Pharmacometrics for treatment optimization and drug development in oncology

This thesis describes the application of pharmacometrics to optimize treatment with existing therapies and to support development of novel drugs in the area of oncology. In the field of pharmacometrics, data on pharmacokinetic (PK) and pharmacodynamic (PD) properties of drugs are characterized using a combination of mathematical and statistical models. These properties give insight in the fate of a drug in the body (PK) and in its desired and undesired (toxic) effects (PD). Quantification of PK-PD relationships in mathematical and statistical models allows for understanding the characteristics of a drug. Additionally, these models can help answer questions to improve clinical application of drugs and supports decision making in drug development. This thesis describes various examples of applying modeling and simulation methods to improve current treatments and support development of new drugs in oncology. Chapter 1 focuses on the pharmacology of tamoxifen and strategies to individualize dosing of tamoxifen by applying dose adjustments based on endoxifen concentrations.
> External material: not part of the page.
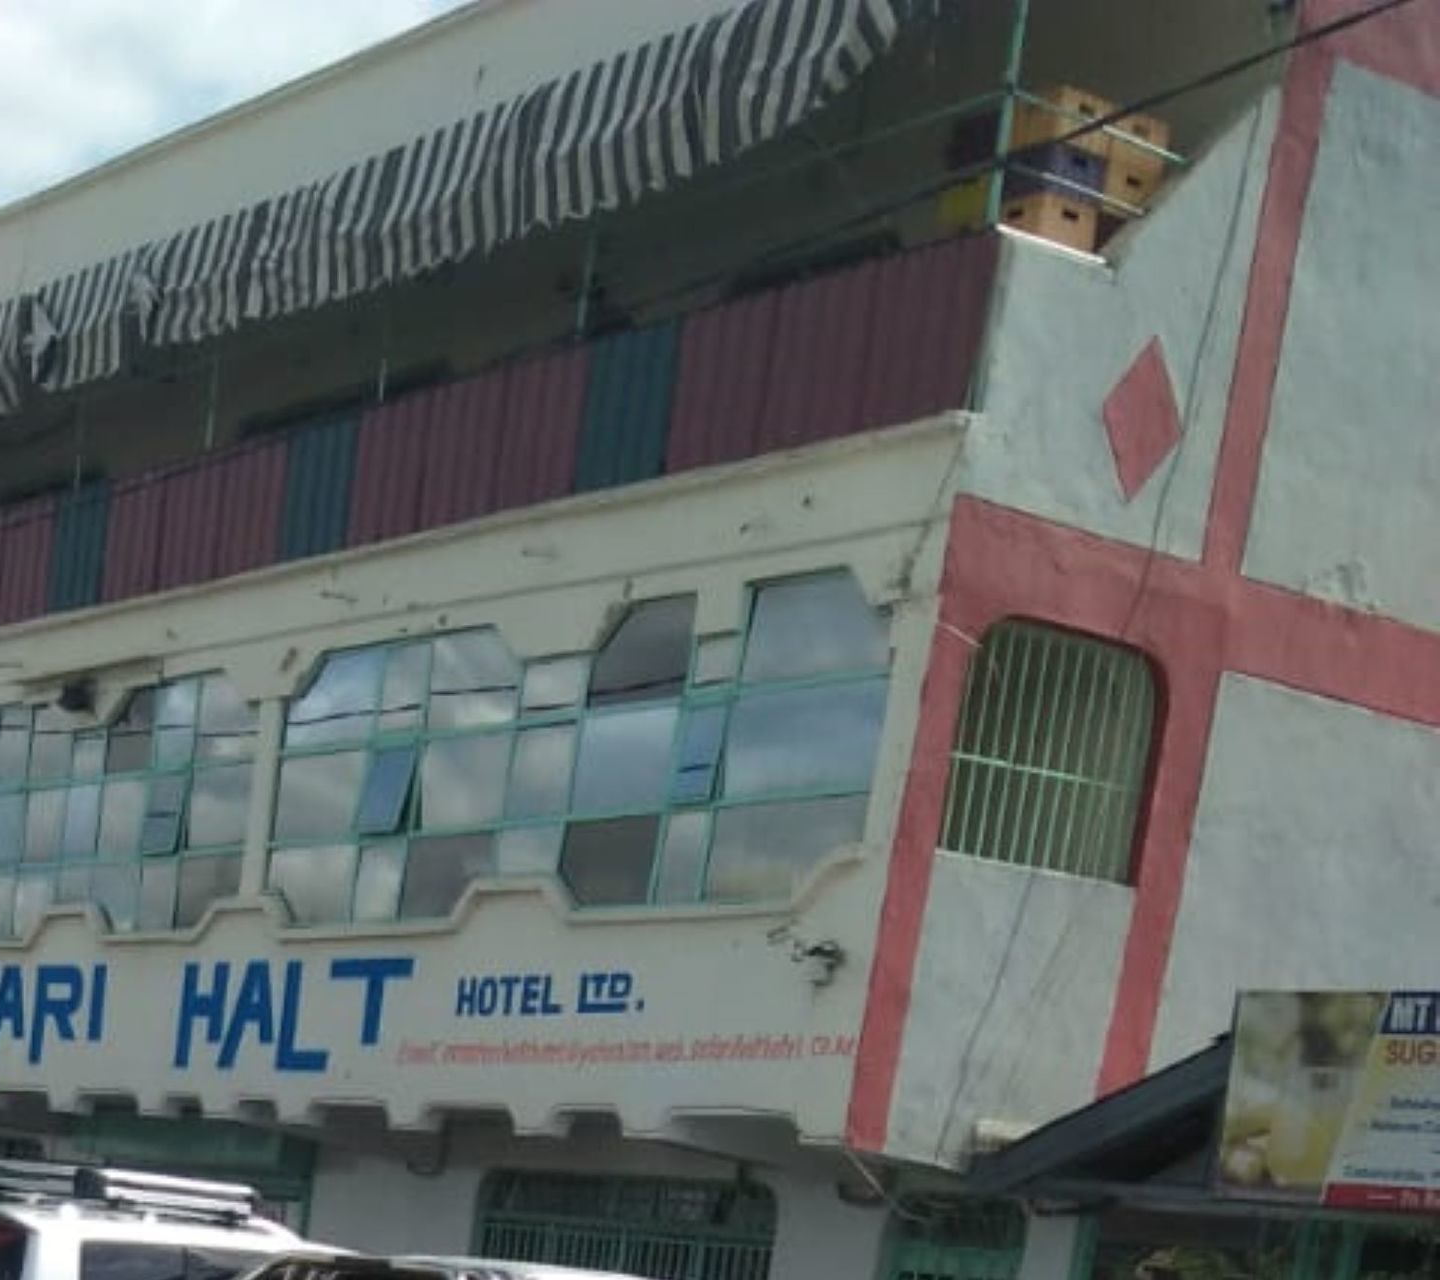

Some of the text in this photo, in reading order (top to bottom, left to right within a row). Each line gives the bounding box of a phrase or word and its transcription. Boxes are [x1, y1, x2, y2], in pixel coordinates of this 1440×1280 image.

[174, 957, 414, 1072] HALT
[456, 974, 563, 1016] HOTEL
[1389, 996, 1432, 1032] MT
In chapter 2 a pharmacometric approach is used to determine a first-in-human dose for a novel monoclonal antibody and to evaluate its pharmacokinetic properties. In chapter 3 PK-PD modeling is performed to describe pharmacodynamic properties (i.e. toxicity) of different anti-cancer drugs, such as anthracyclines, trastuzumab and docetaxel.This thesis demonstrates that pharmacometrics provides powerful techniques to answer (clinical) pharmacological questions that are often impossible to answer using conventional statistical methods. The examples in this thesis, are applied to the therapeutic area of oncology, though can in part also be applied to answer pharmacological questions in other therapeutic fields and contribute to improved and safer drug treatment in patients.